Drama, drama pungente, é este tempo de Orçamento. Pela enésima vez se discute quem e como votará a favor. E se avaliam os custos e as contraprestações em pagamento. E se ouvem rufar os tambores e os humores esfriam. E se procura na noite uma estrela auxiliadora para a função divinatória. Todos os atores do costume dizem isso mesmo: o costume.
Desta vez é que é, não há acordo. Ou, o interesse nacional prevalecerá e ele passa. Uma costumeira azáfama comunicacional exalta as virtudes do texto apresentado. Contam-se e medem-se os benefícios prometidos. Os jovens e a classe média ficarão melhor. Os reformados com pensões baixas serão lembrados. Os funcionários públicos só perderão 0,1% com a inflação. O pagamento por conta acabará. E outras mais pequenas vantagens serão atribuídas.
Claro, a economia das palavras é usada para recordar como a baixa de um por cento no escalão é mais que suportada com a subida de um por centro num escalão seguinte. Ou para, apesar de tudo, referir como os combustíveis vão ficar mais caros e o imposto subirá. Ou para, dar uma pequena nota de como outros impostos indiretos e taxas aumentarão também. E, por mais que o ministro do Ambiente se esmere em traçar a normalidade do futuro negro que nos espera com a dificuldade em fazer a transição energética, o facto é que a angústia crescerá.
Nem todos poderemos usar bicicletas, ou patins, ou trotinetes. Nem todos temos transportes públicos à nossa disposição. Nem todos temos dinheiro para comprar automóveis elétricos. E, por outro lado, muito poucos usufruiremos de rendimentos que nos permitam uma vida digna no conforto da casa aquecida. E sabemos como os constantes aumentos dos preços provocarão a subida dos preços do transportado e, através dela, dos preços dos bens de consumo.
Anunciam-nos, também, com gáudio que mais de centena e meia de países aderiram ao princípio da taxa mínima para o que em muitos não era abrangido. Mais receitas, certamente. Mas a nossa desconfiança espera pelo efeito na repercussão no nosso bolso. Os tempos não estão, decididamente fáceis. E, todavia, o discurso oficial oscila entre o mundo novo da abundância e do crescimento e o mundo tradicional das dificuldades e da dívida.

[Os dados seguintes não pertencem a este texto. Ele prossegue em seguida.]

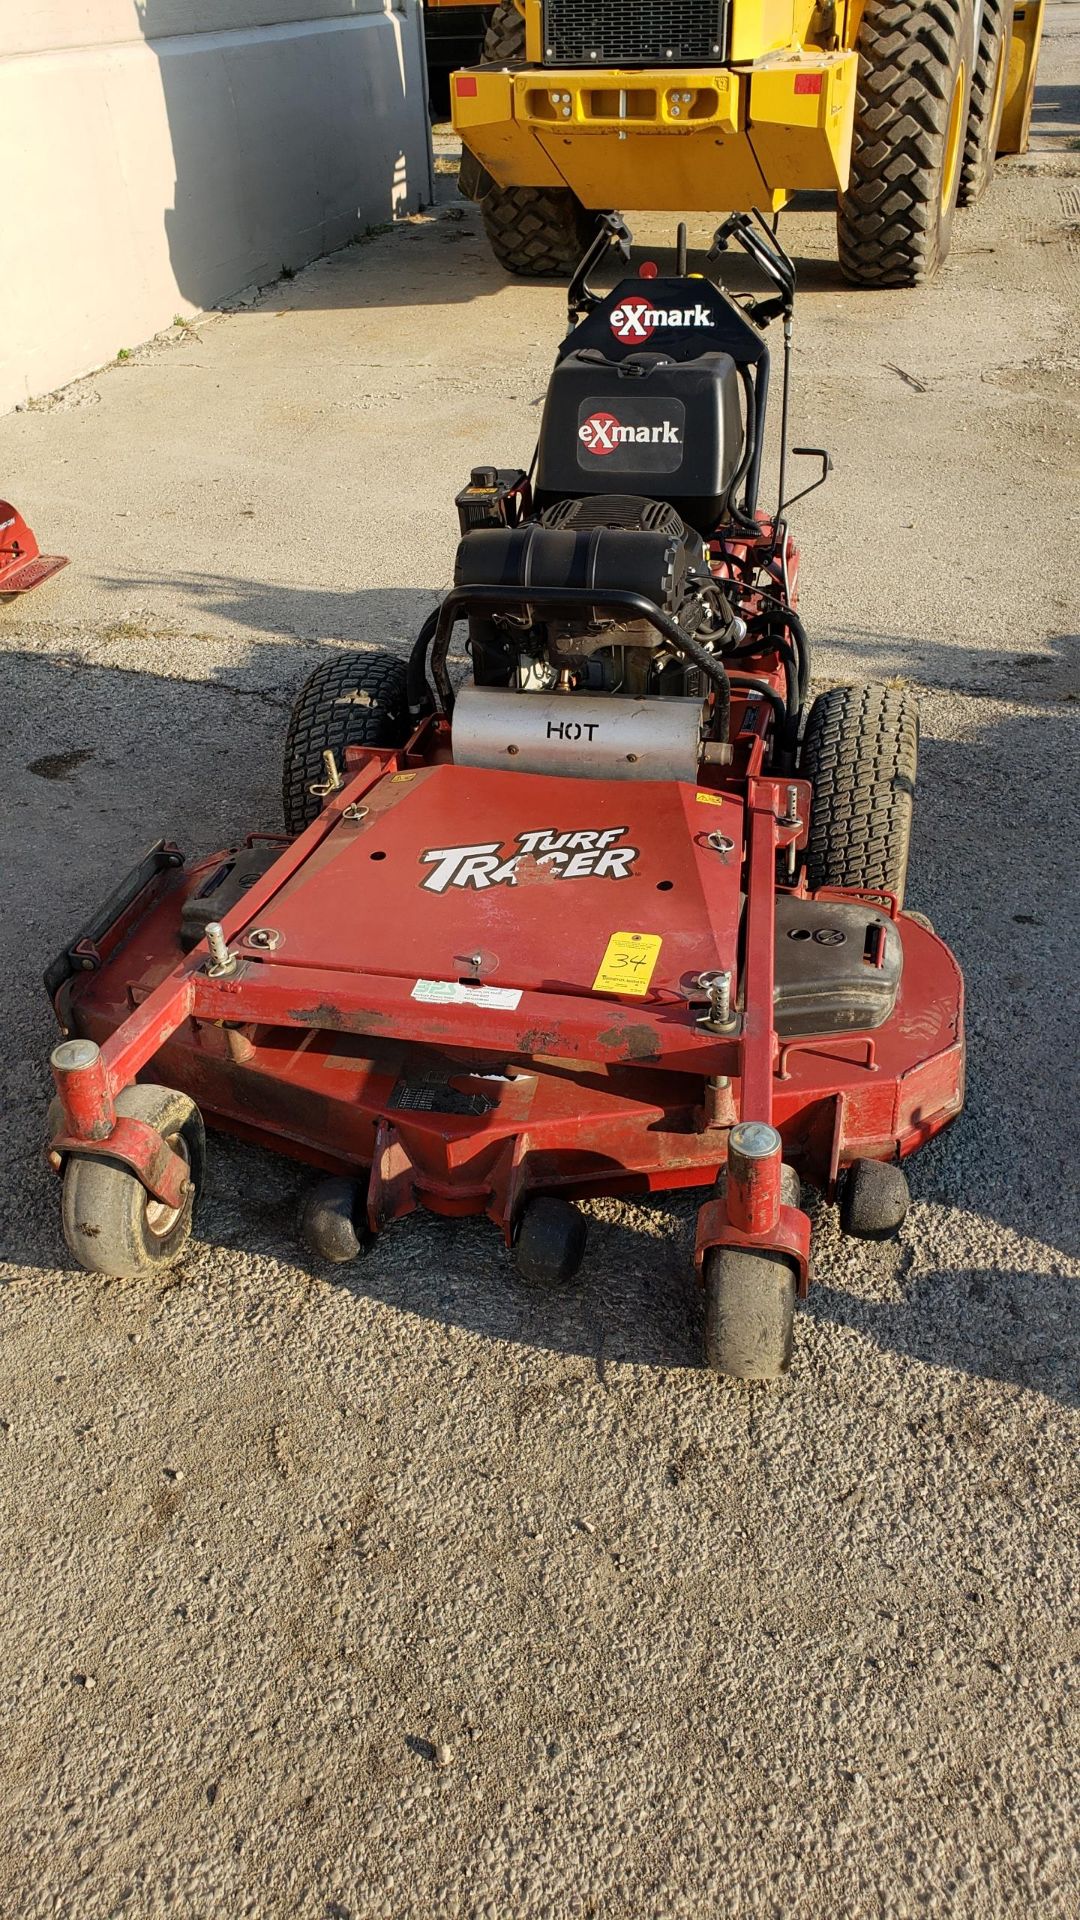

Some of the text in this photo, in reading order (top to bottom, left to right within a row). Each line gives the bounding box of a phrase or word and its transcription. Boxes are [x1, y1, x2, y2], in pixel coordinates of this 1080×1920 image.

[546, 721, 600, 742] HOT
[518, 828, 625, 853] TURF
[609, 953, 647, 973] 34
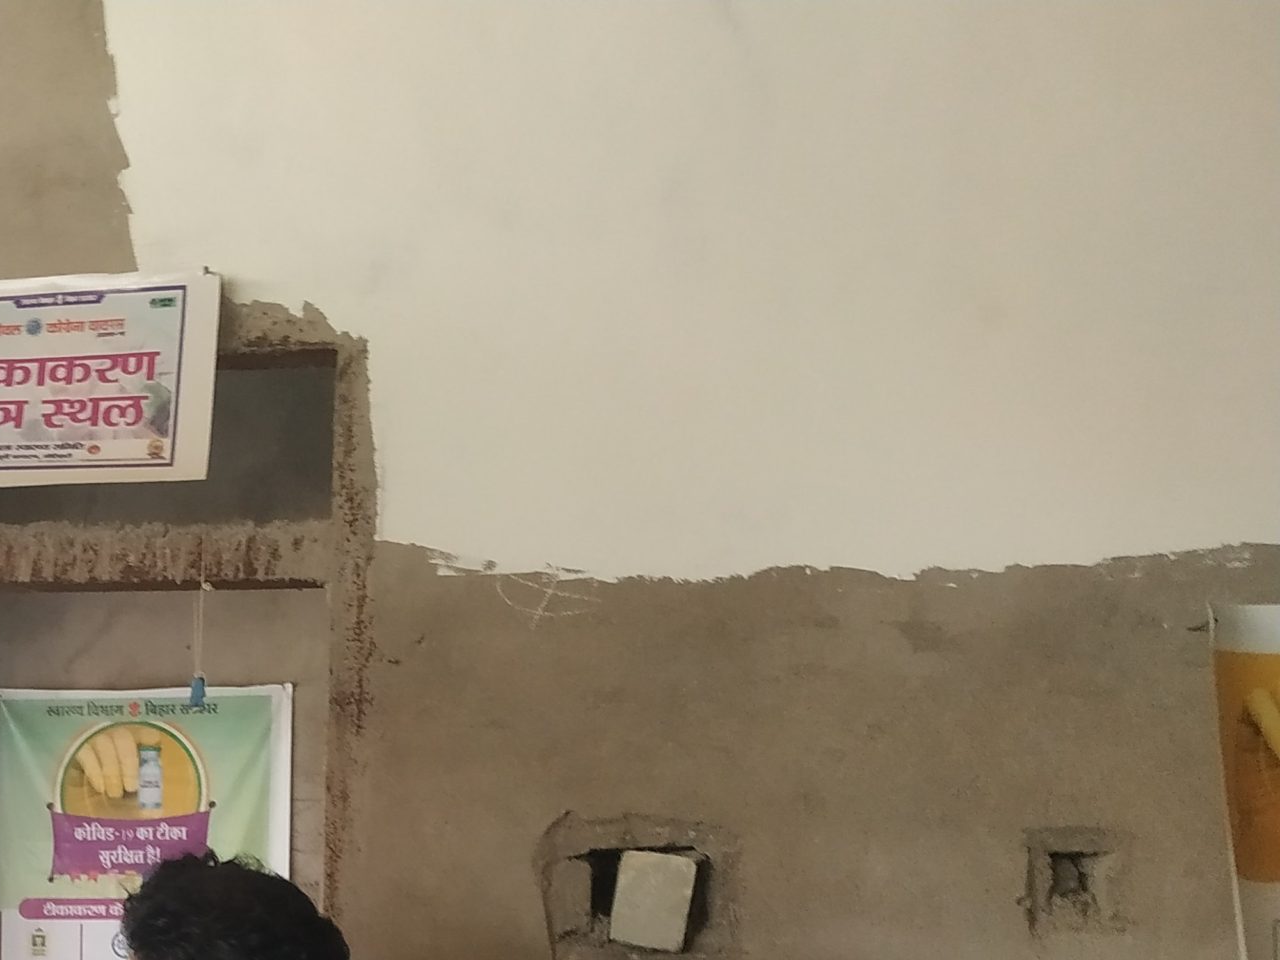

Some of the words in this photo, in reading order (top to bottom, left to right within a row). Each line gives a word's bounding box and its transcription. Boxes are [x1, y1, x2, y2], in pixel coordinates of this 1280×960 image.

O Senhor Presidente da República confere possibilidade ao surgimento de uma crise, adianta datas eventuais para eleições legislativas. Pergunta-se se valerá a pena. Afadiga-se o dr. Rui Rio a mostrar-se preocupado. Antecipam os comentadores como esse cenário seria bom para o governo, como faria crescer a sua bondade. É que, enquanto a discussão se centra nesse particular, os portugueses sem médico de família, ou sem acesso aos centros de saúde, ou sem consultas, ou sem exames veem desvalorizada a sua queixa.
O que se discute não é isso.
No claro/escuro da nossa história, a crispação passa quando Portugal ganha cinco zero ao Luxemburgo e somos festa e quando Ronaldo não consegue marcar de bicicleta e somos desdita.
De facto, de facto, o que é um Orçamento para nós?